Je travaille à partir d’expériences concrètes du réel. Ces expériences prennent leurs points de départ dans l’exploration d’un lieu, l’étude d’un objet, le récit d’un voyage. J’archive beaucoup d’éléments dans des carnets (heures, lieux, notes, extraits de lectures). À partir de cela je mets en place un langage, une reconstitution à partir de fragments. J’aime constituer des archives, réunir les éléments entre eux, trouver un ordre et mettre en place des solutions concrètes pour rendre compte de la temporalité d’un espace.
Ce qui me plait c’est d’entretenir un dialogue entre une pratique d’atelier et la réalisation de dispositifs in situ. Ce dialogue me permet de mesurer les cadences du réel. J’aime que les œuvres soient parfois les archives d’événements et d’autre fois leur annonce.

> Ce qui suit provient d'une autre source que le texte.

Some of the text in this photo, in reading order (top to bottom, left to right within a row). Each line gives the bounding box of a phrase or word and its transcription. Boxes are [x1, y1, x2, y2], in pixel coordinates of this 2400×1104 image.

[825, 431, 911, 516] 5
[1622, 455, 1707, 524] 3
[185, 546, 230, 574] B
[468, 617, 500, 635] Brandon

Il y a bien une idée qui m’obsède, celle que les objets que nous faisons sont comme des bouteilles à la mer. Par elles, nous accédons à d’autres espaces-temps, des lointains qui se rapprochent, naviguant entre ciel et terre.
Parlez-nous de l'une de vos réalisations ou expositions dont vous êtes le/la plus satisfait(e) et/ou qui vous a rendu(e) heureux(se)

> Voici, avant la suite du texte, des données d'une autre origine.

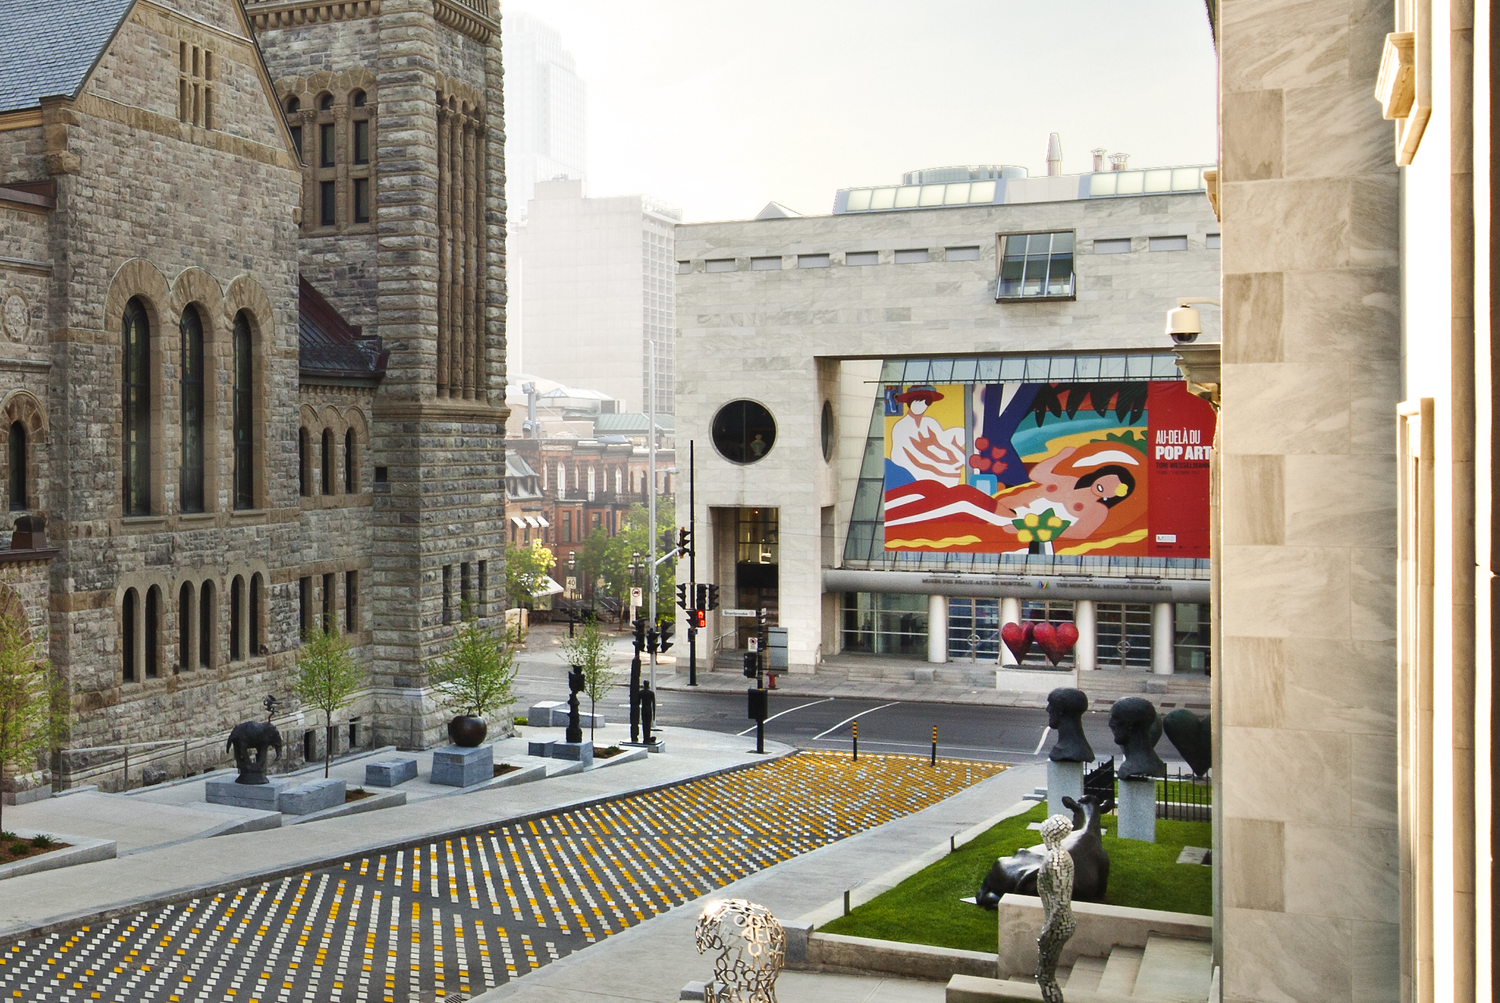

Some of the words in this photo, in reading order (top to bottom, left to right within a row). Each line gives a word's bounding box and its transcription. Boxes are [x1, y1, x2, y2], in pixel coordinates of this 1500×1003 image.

[1156, 427, 1188, 444] AU-DELÀ
[1190, 430, 1200, 444] DU
[1155, 446, 1183, 460] POP
[1185, 446, 1212, 460] ART

L’exposition de janvier 2020 que j’ai organisée à la Cité Internationale des Arts pour le lancement de la deuxième édition de la Publication d’art non linéaire (PAN). Les éditions nous rassemblent, artistes, danseurs, théoriciens, écrivains, architectes, scientifiques. Nous créons une œuvre collective et organisons des rencontres, des performances, des expositions.

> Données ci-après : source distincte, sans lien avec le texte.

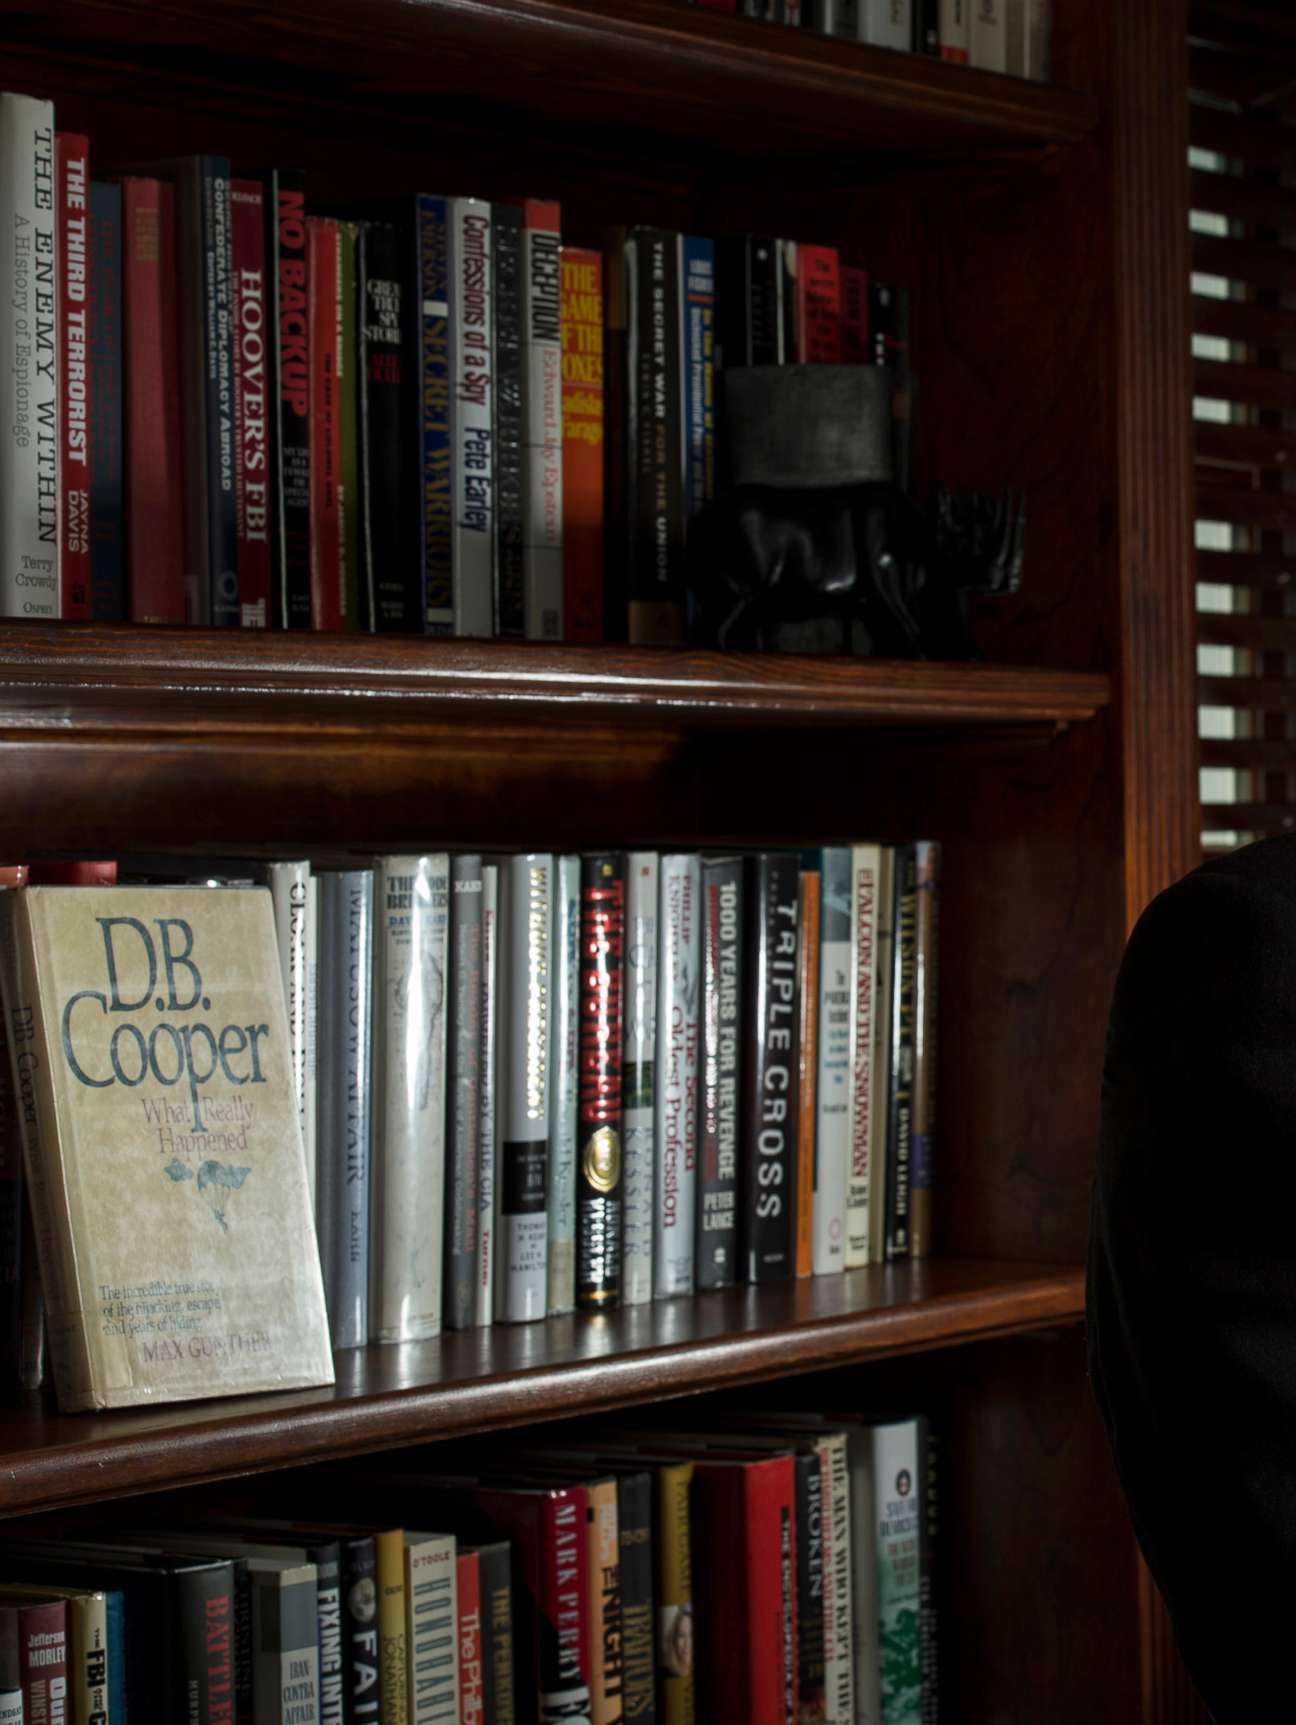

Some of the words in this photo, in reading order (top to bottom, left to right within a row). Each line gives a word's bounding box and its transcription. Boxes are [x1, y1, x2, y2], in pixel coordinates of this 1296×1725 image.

[34, 127, 54, 211] THE
[67, 158, 86, 210] THE
[15, 213, 31, 229] A
[214, 178, 226, 303] CONFEDERATE
[279, 189, 306, 250] NO
[11, 235, 32, 313] History
[67, 217, 87, 303] THIRD
[463, 215, 490, 327] Confessions
[531, 233, 562, 342] DECEPTION
[652, 242, 665, 281] THE
[15, 318, 33, 338] of
[35, 228, 56, 384] ENEMY
[280, 258, 309, 417] BACKUP
[653, 288, 667, 366] SECRET
[217, 309, 230, 411] DIPLOMACY
[241, 267, 266, 471] HOOVER'S
[421, 316, 450, 431] SECRET
[464, 332, 490, 352] of
[464, 355, 487, 368] a
[12, 342, 33, 447] Espionage
[68, 309, 88, 467] TERRORIST
[457, 371, 491, 406] Spy
[543, 350, 558, 427] Edward
[654, 373, 668, 419] WAR
[37, 400, 58, 547] WITHIN
[220, 417, 231, 491] ABROAD
[464, 427, 491, 470] Pete
[68, 490, 81, 553] DAVIS
[80, 489, 89, 555] JAYNA
[245, 480, 267, 543] FBI
[424, 447, 452, 611] WARRIORS
[458, 475, 492, 533] Earley
[541, 466, 559, 544] Epstein
[21, 556, 53, 573] Terry
[655, 517, 669, 584] UNION
[582, 880, 624, 959] THE
[720, 882, 737, 940] 1000
[856, 881, 875, 966] FALCON
[96, 916, 212, 1013] D.B.
[720, 945, 737, 1020] YEARS
[767, 899, 799, 1051] TRIPLE
[856, 972, 873, 1013] AND
[62, 989, 269, 1133] Cooper
[581, 969, 623, 1122] BUREAU
[686, 1023, 700, 1066] The
[720, 1026, 737, 1071] FOR
[855, 1022, 871, 1058] THE
[16, 1051, 38, 1128] Cooper
[142, 1097, 193, 1124] What
[200, 1096, 254, 1124] Really
[852, 1061, 870, 1178] SNOWMAN
[159, 1126, 249, 1162] Happened
[347, 1068, 367, 1185] AFFAIR
[480, 1130, 494, 1171] THE
[685, 1076, 699, 1171] Second
[719, 1077, 736, 1180] REVENGE
[756, 1064, 790, 1218] CROSS
[897, 1107, 910, 1162] DAVID
[479, 1176, 492, 1213] CIA
[624, 1127, 642, 1257] KESSLER
[663, 1097, 683, 1229] Profession
[896, 1164, 908, 1216] LEIGH
[703, 1191, 735, 1211] PETER
[703, 1210, 735, 1231] LANCE
[100, 1285, 121, 1301] The
[143, 1339, 184, 1363] MAX
[831, 1447, 847, 1494] THE
[554, 1502, 578, 1588] MARK
[780, 1518, 791, 1554] THE
[807, 1473, 823, 1599] BROKEN
[833, 1495, 850, 1543] MAN
[411, 1550, 452, 1568] O'TOOLE
[834, 1547, 851, 1600] WHO
[317, 1587, 343, 1674] FIXING
[461, 1606, 481, 1659] The
[491, 1585, 513, 1632] THE
[557, 1591, 582, 1681] PERRY
[602, 1584, 623, 1698] NIGHT
[782, 1558, 793, 1681] ENCYCLOPEDIA
[835, 1605, 852, 1661] KEPT
[87, 1650, 106, 1688] FBI
[282, 1681, 316, 1703] CONTRA
[622, 1601, 656, 1719] TRAITORS
[285, 1703, 316, 1725] AFFAIR
[837, 1671, 852, 1716] THE

Nous devenons progressivement un collectif constitué par une pensée artistique multiple, réunie.
La deuxième édition a rassemblé plusieurs champs de recherche autour de l’idée de « reconnaissance ».
Extrait de l’éditorial de PAN II écrit par Alizée Gazeau : « (…) Il faut connaître cette terre où nous vivons, commencer en acceptant « l’absolue non-réponse, c’est à dire l’infini »1;, c’est à dire « l’infini sans chemin »2.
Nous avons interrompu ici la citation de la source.